_What needs to be done_.
The records below need to be repeated exactly, with every picture left out.

○ ○ ○ ○ ○ ○ ○

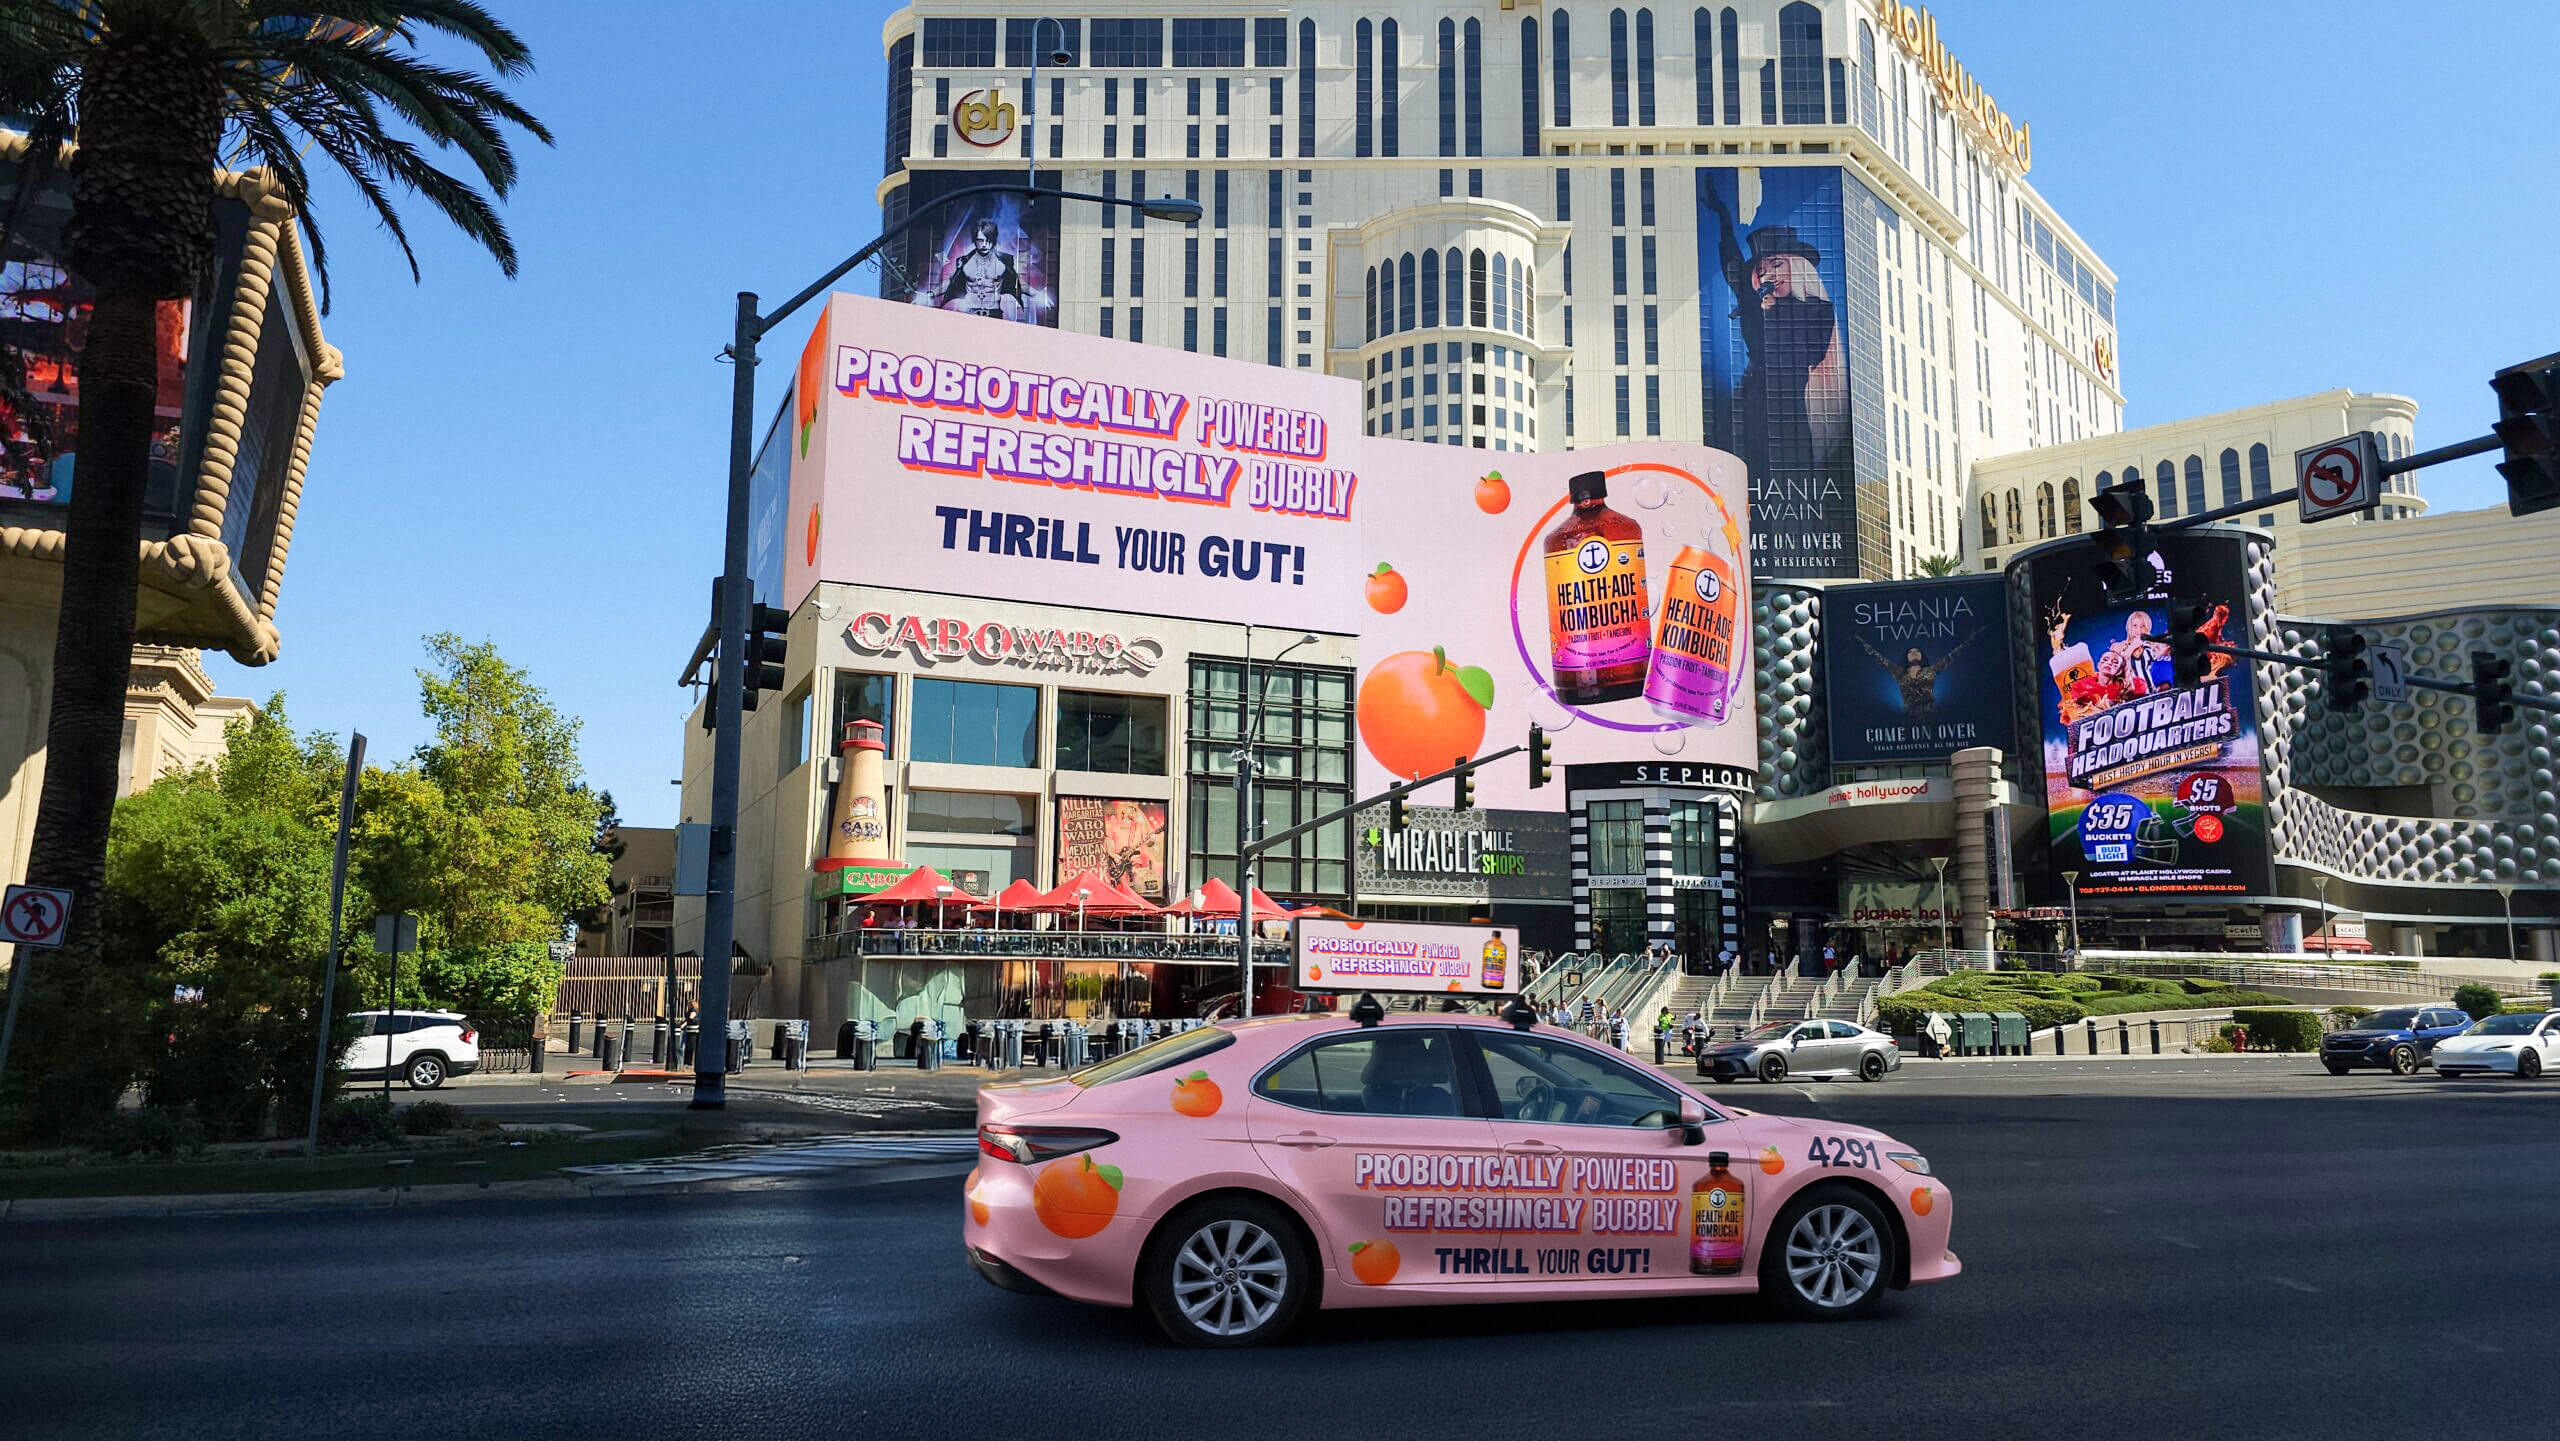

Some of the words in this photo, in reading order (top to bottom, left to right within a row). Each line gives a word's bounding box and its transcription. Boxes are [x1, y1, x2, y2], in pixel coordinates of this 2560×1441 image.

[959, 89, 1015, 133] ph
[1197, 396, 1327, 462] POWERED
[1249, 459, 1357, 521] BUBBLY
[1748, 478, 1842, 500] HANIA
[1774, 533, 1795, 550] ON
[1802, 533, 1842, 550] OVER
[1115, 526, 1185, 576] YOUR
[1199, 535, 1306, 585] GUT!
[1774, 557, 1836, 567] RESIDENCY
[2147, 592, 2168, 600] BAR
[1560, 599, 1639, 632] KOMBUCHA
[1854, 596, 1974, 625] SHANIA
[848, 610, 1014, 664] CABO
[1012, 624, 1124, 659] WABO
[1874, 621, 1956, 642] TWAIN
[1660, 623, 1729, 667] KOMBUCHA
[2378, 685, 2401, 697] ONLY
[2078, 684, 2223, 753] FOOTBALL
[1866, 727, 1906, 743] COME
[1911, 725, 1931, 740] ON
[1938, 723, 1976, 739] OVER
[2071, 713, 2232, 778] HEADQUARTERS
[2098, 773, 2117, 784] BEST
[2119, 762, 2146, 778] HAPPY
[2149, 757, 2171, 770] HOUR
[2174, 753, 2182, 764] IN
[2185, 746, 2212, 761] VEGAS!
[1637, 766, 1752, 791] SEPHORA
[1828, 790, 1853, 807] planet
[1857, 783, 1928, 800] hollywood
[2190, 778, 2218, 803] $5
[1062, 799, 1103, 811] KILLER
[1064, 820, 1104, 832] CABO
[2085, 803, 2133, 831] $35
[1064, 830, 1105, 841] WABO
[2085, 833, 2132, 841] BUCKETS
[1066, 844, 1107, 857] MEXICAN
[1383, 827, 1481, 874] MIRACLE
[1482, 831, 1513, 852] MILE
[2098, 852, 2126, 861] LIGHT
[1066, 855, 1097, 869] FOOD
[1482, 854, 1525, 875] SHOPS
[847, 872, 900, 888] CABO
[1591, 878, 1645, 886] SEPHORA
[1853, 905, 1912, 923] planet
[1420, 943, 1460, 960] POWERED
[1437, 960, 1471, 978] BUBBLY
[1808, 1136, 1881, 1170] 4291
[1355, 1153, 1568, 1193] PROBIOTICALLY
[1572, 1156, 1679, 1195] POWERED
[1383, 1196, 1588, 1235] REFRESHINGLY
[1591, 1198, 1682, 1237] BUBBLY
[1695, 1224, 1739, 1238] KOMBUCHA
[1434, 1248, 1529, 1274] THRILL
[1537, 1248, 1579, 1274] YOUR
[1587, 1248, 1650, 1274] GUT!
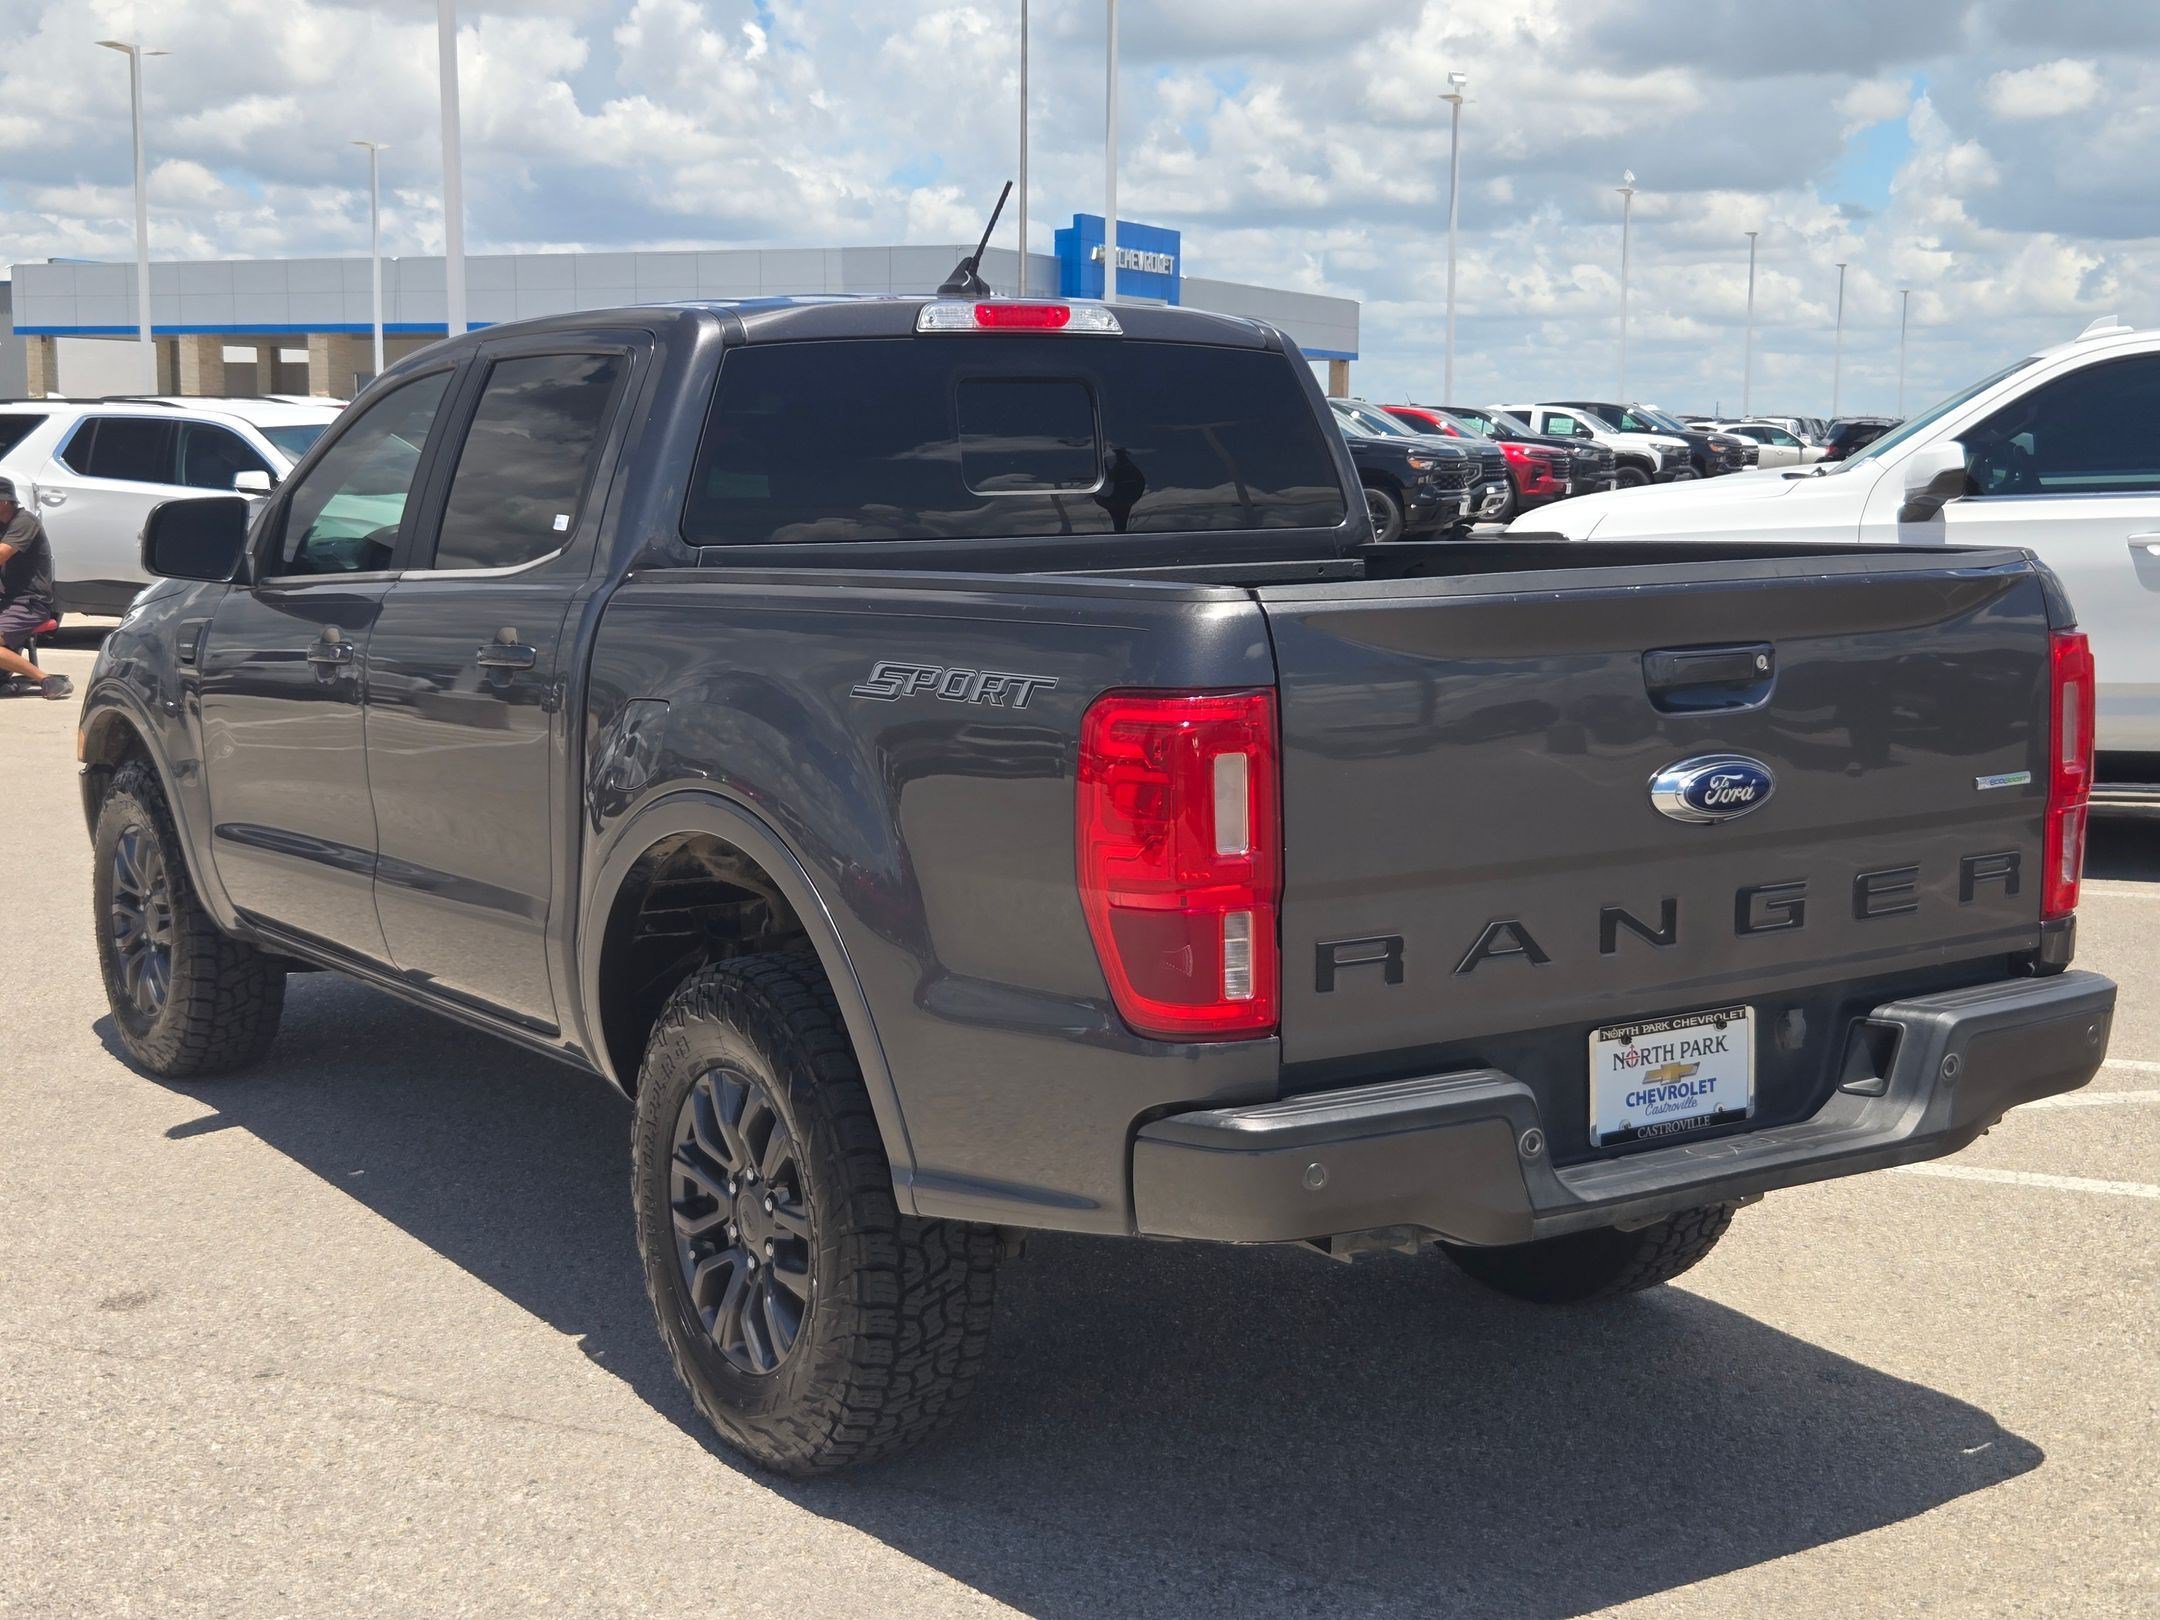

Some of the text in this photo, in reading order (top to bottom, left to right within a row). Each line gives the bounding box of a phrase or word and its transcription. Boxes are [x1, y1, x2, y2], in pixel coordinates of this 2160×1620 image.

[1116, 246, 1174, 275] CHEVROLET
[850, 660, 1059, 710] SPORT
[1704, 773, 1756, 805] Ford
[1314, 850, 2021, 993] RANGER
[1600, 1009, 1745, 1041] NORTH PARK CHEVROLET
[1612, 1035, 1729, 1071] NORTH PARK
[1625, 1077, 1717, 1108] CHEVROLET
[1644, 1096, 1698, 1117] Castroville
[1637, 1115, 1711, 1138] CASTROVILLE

○ ○ ○ ○ ○ ○ ○

_Solved problem_.
Some of the words in this photo, in reading order (top to bottom, left to right within a row). Each line gives a word's bounding box and its transcription. Boxes are [x1, y1, x2, y2], in pixel coordinates of this 2560×1441 image.

[959, 89, 1015, 133] ph
[1197, 396, 1327, 462] POWERED
[1249, 459, 1357, 521] BUBBLY
[1748, 478, 1842, 500] HANIA
[1774, 533, 1795, 550] ON
[1802, 533, 1842, 550] OVER
[1115, 526, 1185, 576] YOUR
[1199, 535, 1306, 585] GUT!
[1774, 557, 1836, 567] RESIDENCY
[2147, 592, 2168, 600] BAR
[1560, 599, 1639, 632] KOMBUCHA
[1854, 596, 1974, 625] SHANIA
[848, 610, 1014, 664] CABO
[1012, 624, 1124, 659] WABO
[1874, 621, 1956, 642] TWAIN
[1660, 623, 1729, 667] KOMBUCHA
[2378, 685, 2401, 697] ONLY
[2078, 684, 2223, 753] FOOTBALL
[1866, 727, 1906, 743] COME
[1911, 725, 1931, 740] ON
[1938, 723, 1976, 739] OVER
[2071, 713, 2232, 778] HEADQUARTERS
[2098, 773, 2117, 784] BEST
[2119, 762, 2146, 778] HAPPY
[2149, 757, 2171, 770] HOUR
[2174, 753, 2182, 764] IN
[2185, 746, 2212, 761] VEGAS!
[1637, 766, 1752, 791] SEPHORA
[1828, 790, 1853, 807] planet
[1857, 783, 1928, 800] hollywood
[2190, 778, 2218, 803] $5
[1062, 799, 1103, 811] KILLER
[1064, 820, 1104, 832] CABO
[2085, 803, 2133, 831] $35
[1064, 830, 1105, 841] WABO
[2085, 833, 2132, 841] BUCKETS
[1066, 844, 1107, 857] MEXICAN
[1383, 827, 1481, 874] MIRACLE
[1482, 831, 1513, 852] MILE
[2098, 852, 2126, 861] LIGHT
[1066, 855, 1097, 869] FOOD
[1482, 854, 1525, 875] SHOPS
[847, 872, 900, 888] CABO
[1591, 878, 1645, 886] SEPHORA
[1853, 905, 1912, 923] planet
[1420, 943, 1460, 960] POWERED
[1437, 960, 1471, 978] BUBBLY
[1808, 1136, 1881, 1170] 4291
[1355, 1153, 1568, 1193] PROBIOTICALLY
[1572, 1156, 1679, 1195] POWERED
[1383, 1196, 1588, 1235] REFRESHINGLY
[1591, 1198, 1682, 1237] BUBBLY
[1695, 1224, 1739, 1238] KOMBUCHA
[1434, 1248, 1529, 1274] THRILL
[1537, 1248, 1579, 1274] YOUR
[1587, 1248, 1650, 1274] GUT!

Some of the text in this photo, in reading order (top to bottom, left to right within a row). Each line gives the bounding box of a phrase or word and its transcription. Boxes are [x1, y1, x2, y2], in pixel coordinates of this 2160×1620 image.

[1116, 246, 1174, 275] CHEVROLET
[850, 660, 1059, 710] SPORT
[1704, 773, 1756, 805] Ford
[1314, 850, 2021, 993] RANGER
[1600, 1009, 1745, 1041] NORTH PARK CHEVROLET
[1612, 1035, 1729, 1071] NORTH PARK
[1625, 1077, 1717, 1108] CHEVROLET
[1644, 1096, 1698, 1117] Castroville
[1637, 1115, 1711, 1138] CASTROVILLE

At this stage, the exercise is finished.